As an example, https://epsg.io/3857, WGS84, Spherical Mercator, has bounds of -85.06° and 85.06°. Not that many people live in the pole regions, after all.

Which is not the reason, the reason is the difficulty in projecting surfaces from the pole regions onto a two dimensional surface, the point at the poles would become a line. Which is why there is a range of projections defined for polar zones, (see Coordinate reference systems for “arctic” (epsg.io)).

For our mini apps on https://github.com/arctic-risk/arctic-data/tree/main/miniapps, we, however, need to combine geodata from various sources:

  • The amazing blue marble sea ice extent data set e.g. from NSIDC, and
  • the wonderfully curated earth map from naturalearth.com

Both come in different projections. If you, say, download the arctic sea ice extension shapefile from the http mirror of the NSIDC ftp site for September, 2020, then unzip and load it using the fabulous geopandas package, it will have EPSG:3411, NSIDC’s Sea Ice Polar Stereographic North, projection.

def load_ice_extent_shapefile(year,month):
    refdate = pd.to_datetime("{}-{}-15".format(wYear.value,wMonth.value))
    url = "http://masie_web.apps.nsidc.org/pub/DATASETS/NOAA/G02135/north/monthly/shapefiles/shp_extent/{:%m}_{:%b}/extent_N_{:%Y%m}_polygon_v3.0.zip".format(refdate,refdate,refdate)
    #return url
    DIR = "./sun"+urllib.parse.urlparse(url).path.replace(".zip","")
    if not os.path.exists(DIR):
        r = requests.get(url)
        if r.ok:
            zf = zipfile.ZipFile(io.BytesIO(r.content))
        Path(DIR).mkdir(exist_ok=True,parents=True)
        zf.extractall(DIR)
        
    for f in os.listdir(DIR):
        if ".shp" in f:
            gdfIceExtent = gpd.read_file(os.path.join(DIR,f))
    
    return gdfIceExtent

gdfArcticSeaIce202009 = load_ice_extent_shapefile(2020,9)
print(gdfArcticSeaIce202009.crs)
epsg:3411

Plotting it shows a shape that needs getting used to as it is a pancake style view of the north pole/arctic area, as this is sea ice extent, Greenland is missing, which gives a hint to what the map actually shows.

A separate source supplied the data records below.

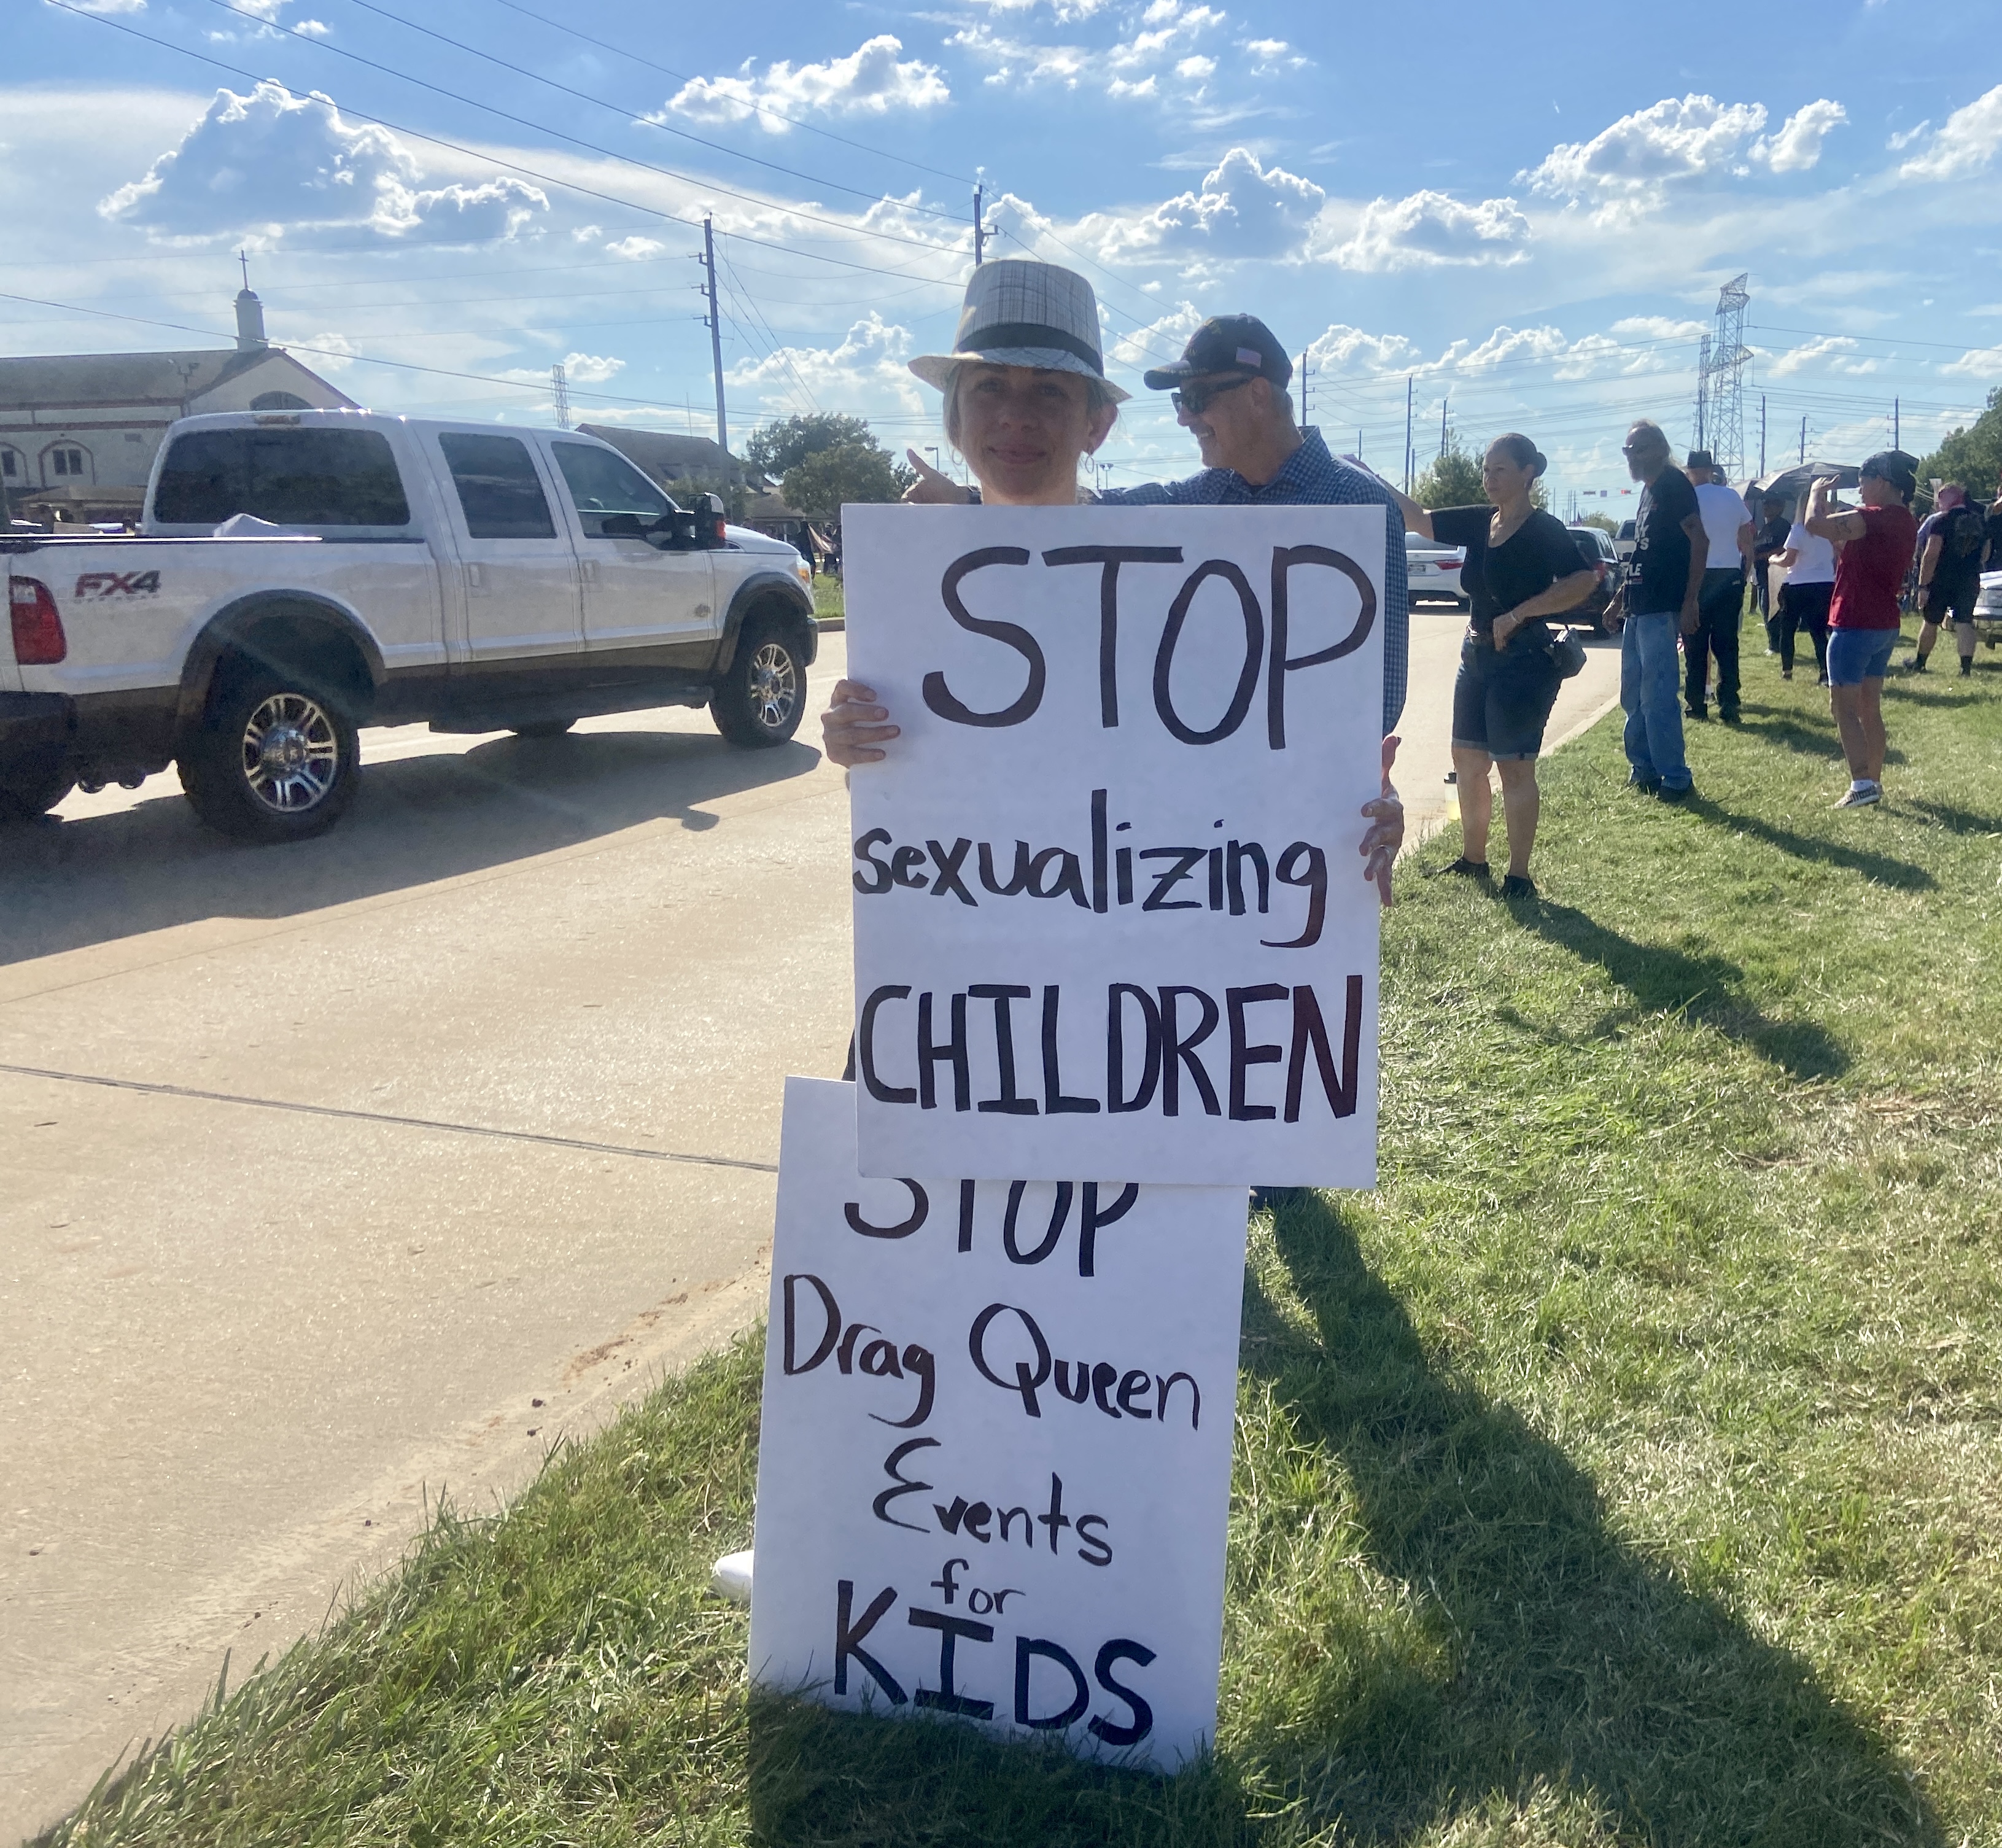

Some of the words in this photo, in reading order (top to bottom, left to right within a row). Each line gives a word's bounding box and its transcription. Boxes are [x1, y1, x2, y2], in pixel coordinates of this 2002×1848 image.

[75, 570, 161, 597] FX4
[923, 545, 1376, 750] STOP
[853, 789, 1327, 948] sexualizing
[859, 975, 1362, 1123] CHILDREN
[783, 1274, 936, 1428] Drag
[969, 1303, 1200, 1431] Queen
[872, 1437, 1112, 1566] Events
[930, 1558, 1026, 1614] for
[834, 1580, 1157, 1746] KIDS

If we want to compare region sizes, we need a world map, one of the best sources of which being https://www.naturalearthdata.com/ . If you download and unzip the map data of your preference (I recommend 10m admin subunits from the cultural vectors download page), you can use these data to plot the world.

You can already tell from the axes that these two plots cannot be easily combined. You can plot one inside the other, but the arctic axes range are in the order of 1e6, while the world map range is the common +-180/+-90(ish).

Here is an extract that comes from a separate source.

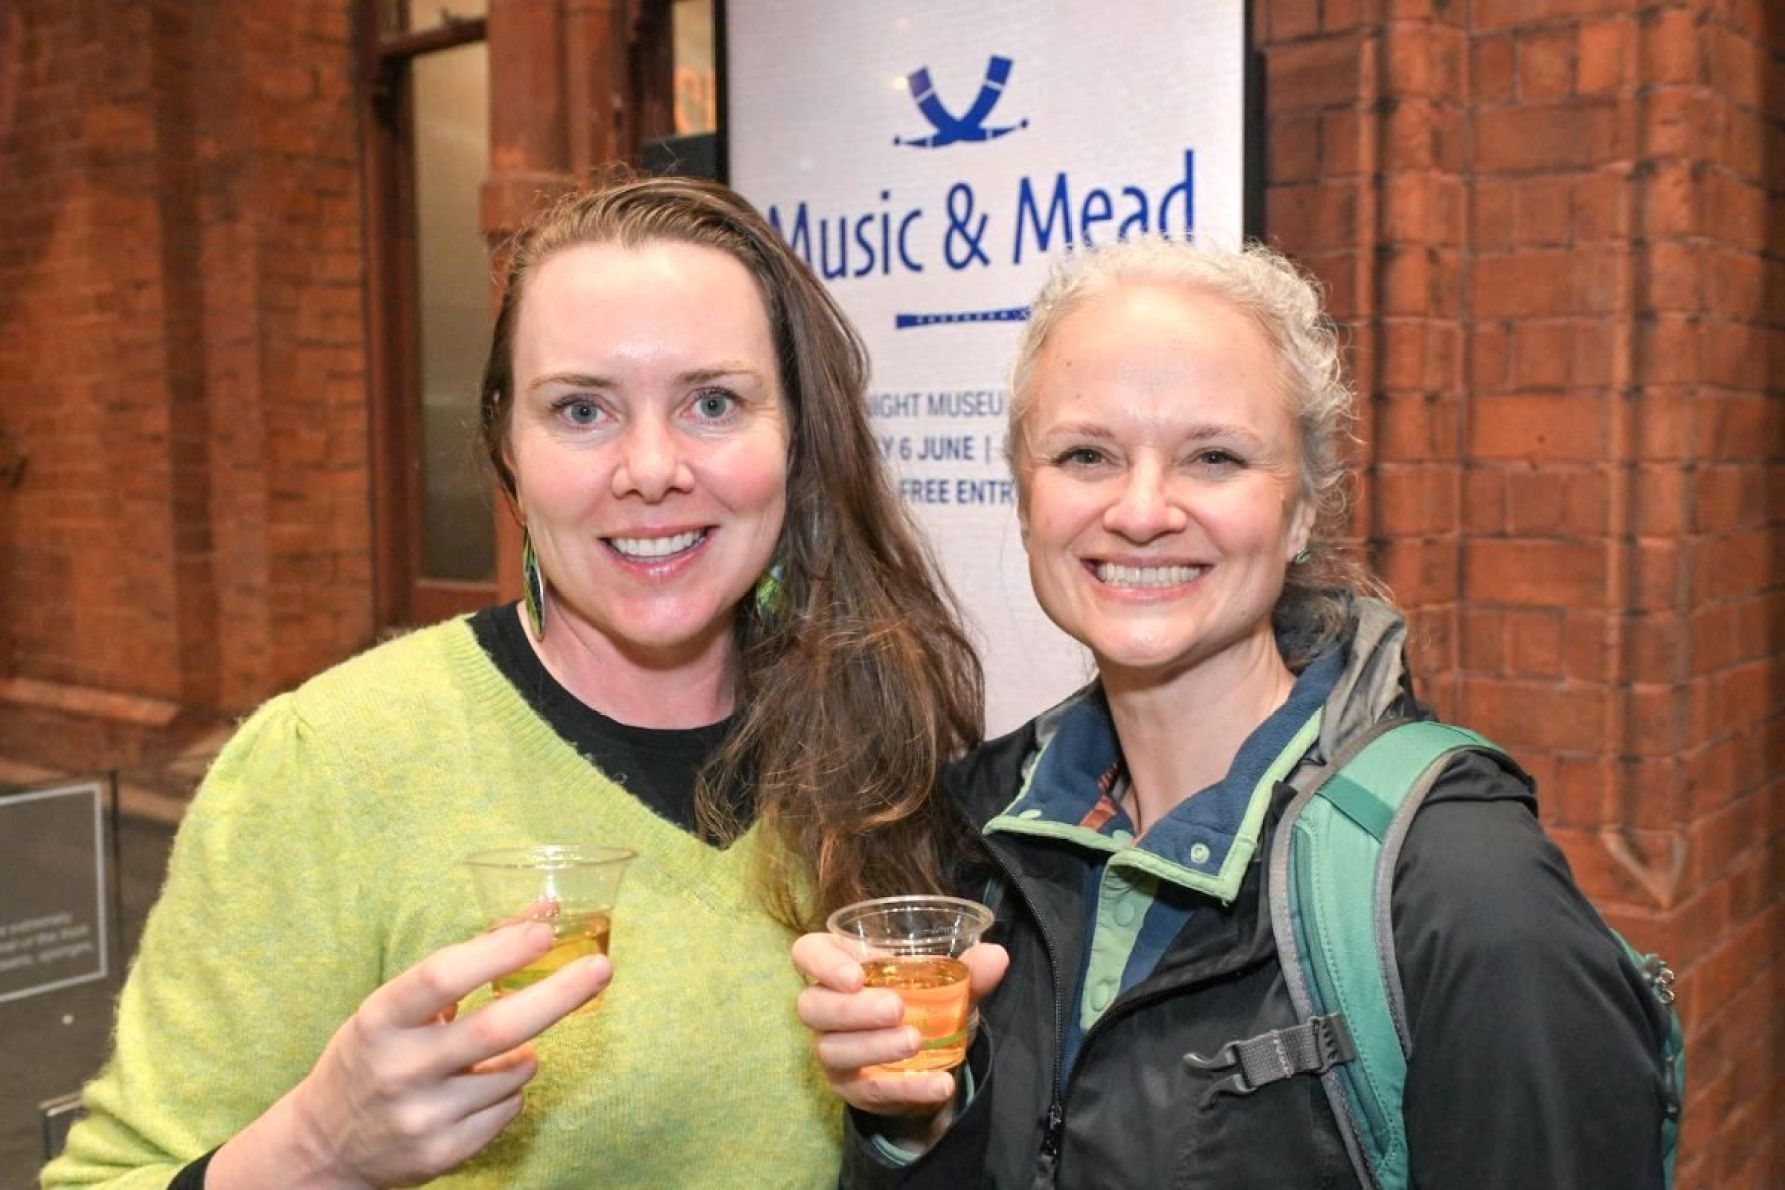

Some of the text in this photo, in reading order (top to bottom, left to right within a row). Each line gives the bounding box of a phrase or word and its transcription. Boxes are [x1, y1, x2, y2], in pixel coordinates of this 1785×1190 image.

[769, 150, 1193, 279] Music & Mead
[900, 436, 912, 460] 6
[918, 435, 974, 461] JUNE
[900, 479, 949, 504] FREE

So, we need to change the projection of the two maps, and align them. You can query the coordinate reference systems of the two maps by looking at the crs attribute of the GeoDataFrame object.

Now, you can convert GeoDataFrames’ projections by calling the .to_crs() method. If you do this, you will be surprised by the result:

At least that result makes slightly more sense than trying the other way around

The allowed range of coordinates do matter. So, we need a different projection. It took a few iterations until I came across CRS proj4 Strings, which allows for specifying an almost arbitrary projection. The string

+proj=ortho +lat_0=90 +lon_0=0 +x_0=0 +y_0=0

generates a “google Earth” style projection of a spherical earth seen from “the top”.

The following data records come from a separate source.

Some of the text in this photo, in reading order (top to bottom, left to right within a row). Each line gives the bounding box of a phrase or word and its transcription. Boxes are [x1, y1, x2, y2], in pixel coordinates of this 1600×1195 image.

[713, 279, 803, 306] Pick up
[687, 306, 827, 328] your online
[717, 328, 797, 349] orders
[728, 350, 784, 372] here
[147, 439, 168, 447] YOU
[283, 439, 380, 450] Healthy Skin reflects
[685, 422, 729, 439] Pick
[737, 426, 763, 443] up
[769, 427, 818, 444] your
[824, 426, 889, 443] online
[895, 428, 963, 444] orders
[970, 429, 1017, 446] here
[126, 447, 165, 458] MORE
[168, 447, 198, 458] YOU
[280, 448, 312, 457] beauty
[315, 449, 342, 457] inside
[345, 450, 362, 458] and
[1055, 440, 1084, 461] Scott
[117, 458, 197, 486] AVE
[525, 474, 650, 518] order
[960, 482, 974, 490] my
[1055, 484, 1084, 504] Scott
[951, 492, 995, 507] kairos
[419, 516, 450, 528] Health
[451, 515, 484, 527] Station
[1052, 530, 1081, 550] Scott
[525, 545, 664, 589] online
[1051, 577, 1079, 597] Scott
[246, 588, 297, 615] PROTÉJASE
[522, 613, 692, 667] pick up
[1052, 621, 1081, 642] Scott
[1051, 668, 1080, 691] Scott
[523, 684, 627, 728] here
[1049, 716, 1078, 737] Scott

This finally resolved the issue around comparing the sea ice extent with regions and countries. The algorithm is quite straightforward:-

  • load the sea ice extent data
  • load the world data
  • apply the lat_0=90 lon_0=0 projection to the sea ice map
  • from the selected regions, compute the centroid of the map
  • use the map centroids as values for lat_0 and lon_0 of the region map and apply that projection. This way you “rotate the globe such that the centroid of the selected countries lines up with the north pole”

This is how the map overlay of the Ice Cover Comparisons mini-app is computed. The computation of the world (subregion) map centroid is not quite accurate and could be improved, but another improvement for that could be to add slide widgets to the streamlit app to allow for a user interaction with the map. After all, this mini app is a source of inspiration, so, why not leave room for improvement.